I am going to talk about the prologue.
The prologue is such a fascinating experience. You crack open the game and immediately begin checking off all of the little genre boxes: mage, warrior, researcher, you're the rogue...some little kid who's there for some reason...alright, you know the score. You're in yet another indie Earthbound RPG, these are your generic characters, let's get the ball rolling.
Except then you realize that these characters are people. You feel instantly how you've entered the game at its last dungeon, at the end of the adventure. They have their own in-jokes, histories, backgrounds, adventures. They get along well and they're obviously close, but not in a twee or unrealistic way. They have so much chemistry and spirit and life. I fell in love with them so quickly.
But Sif doesn't. Sif kind of hates them, because they will not stop saying the same damn thing. They walk the same paths, do the same things, make the same jokes, expect Sif to say the same lines. They keep referencing a Sif we do not see, with jokes we never see him make and heroic personality he never shows - they reference a Sif who is dead - and Sif can't handle that, so he kills them too.
They become only an exercise in tedious frustration. Sif button mashes through their dialogue, Sif mindlessly clicks the same dialogue options, Sif skips through the tutorial, Sif blows through the puzzles. Sif turns their world into a video game. Sif is playing a generic RPG. Sif forgets their names. They are no longer people with in-jokes, histories, backgrounds, adventures. They're the mage, the warrior, the researcher, and...some random kid.
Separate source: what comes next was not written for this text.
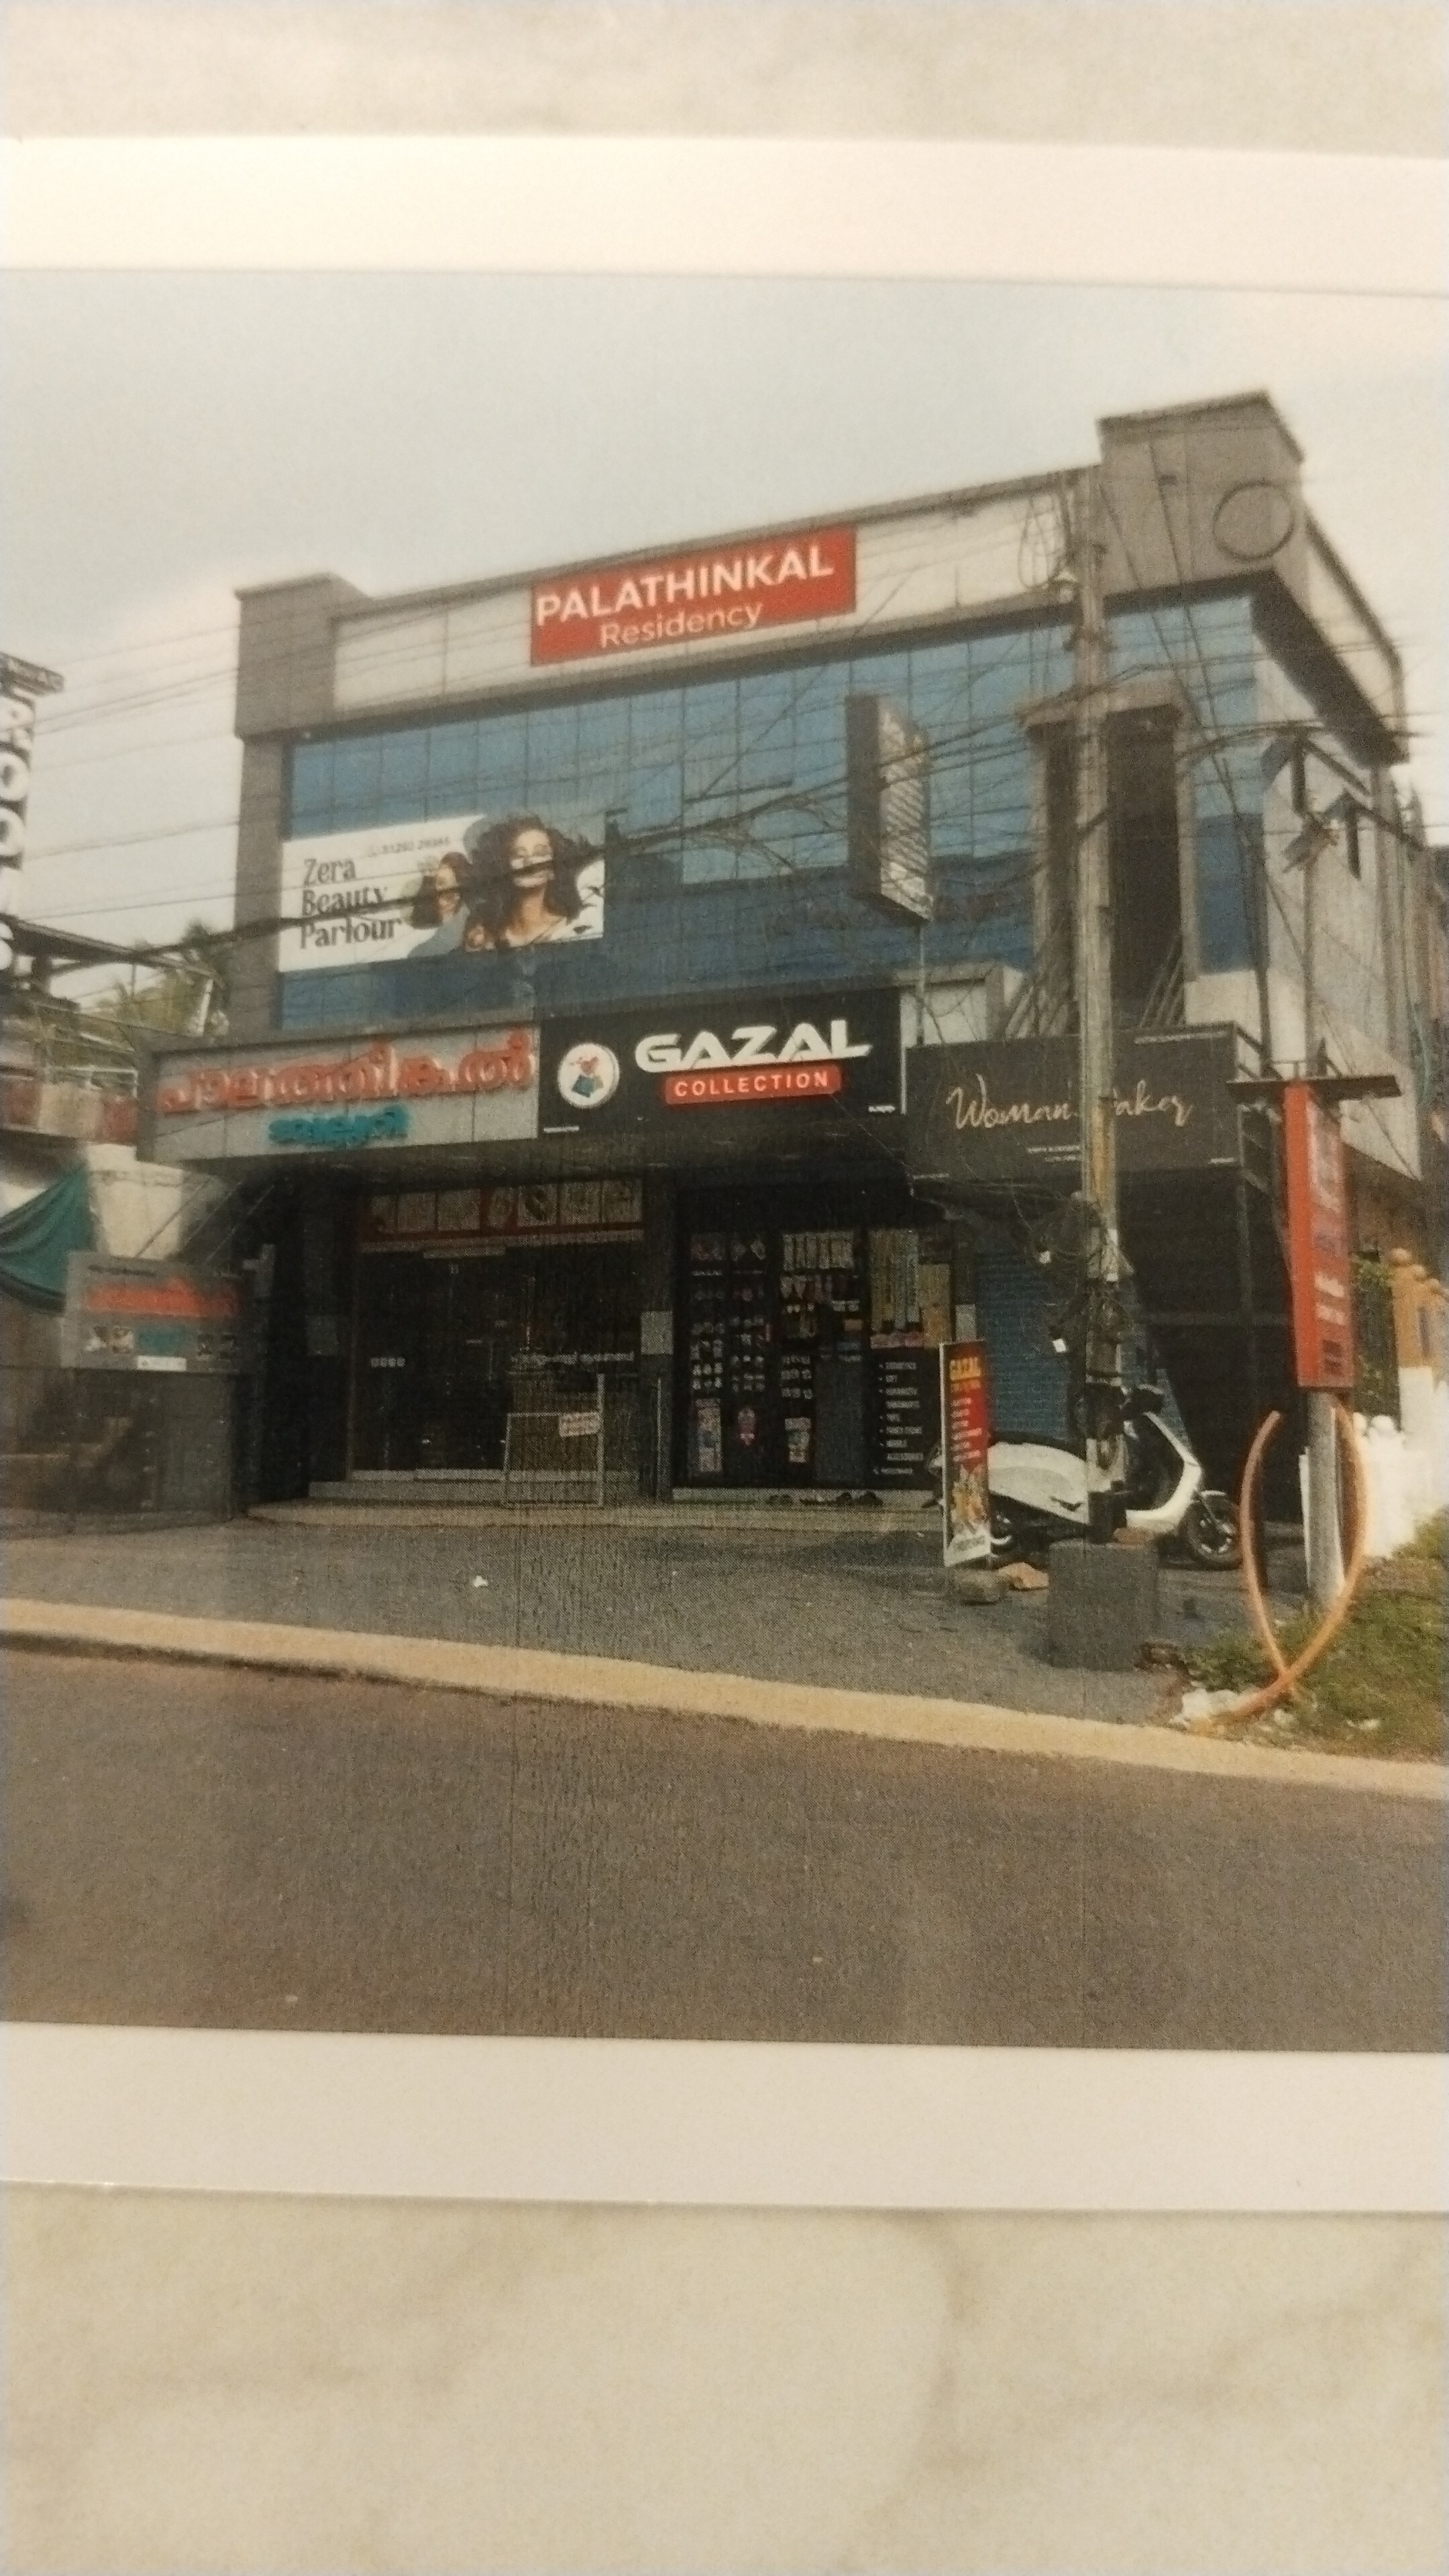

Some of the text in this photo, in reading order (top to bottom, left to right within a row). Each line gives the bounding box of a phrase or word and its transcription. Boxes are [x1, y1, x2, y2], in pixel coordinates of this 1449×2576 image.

I did not understand the Kid's presence at first. I had no idea what they contributed to the game. They didn't do anything. As a party member in a video game, they're a bit useless. Why is the Kid there?
Because Sif's life isn't a video game. Because the kid isn't 'the kid'. They're Bonnie. Bonnie, who the party loves. Why is Bonnie there? Because they love them. There is no room for Bonnie in the boring RPG that Sif is playing. And then you realize that Sif is wrong, and that they've lost something extremely important, and that they'll never escape without it.
Watching the prologue before watching ISAT gave ISAT the most unique air of dread and horror, because you crack open ISAT and you see the person Sif used to be. You realize that Sif used to be a person. Sif used to be the person who made jokes, who gave real smiles, who interacted with the world as if they are a part of it. And you know you are sitting down to watch Sif lose everything that made them a person, to lose everything that made them a member of this world, and turn them into a character in a video game who doesn't understand the point of Bonnie at all.
At the climax of the game, when the others realize that something is deeply wrong and that Sif physically cannot tell them, they realize that there is nothing they can do. So Bonnie declares snacktime. And for the first time they have snacktime.
What is snacktime? Classic JRPGs don't have snacktime. There's literally no point to a snacktime - not in a video game, and not in Sif's terrible life. It's not fixing this, because nothing can fix this. But Bonnie gives Sif a cookie and Sif eats it.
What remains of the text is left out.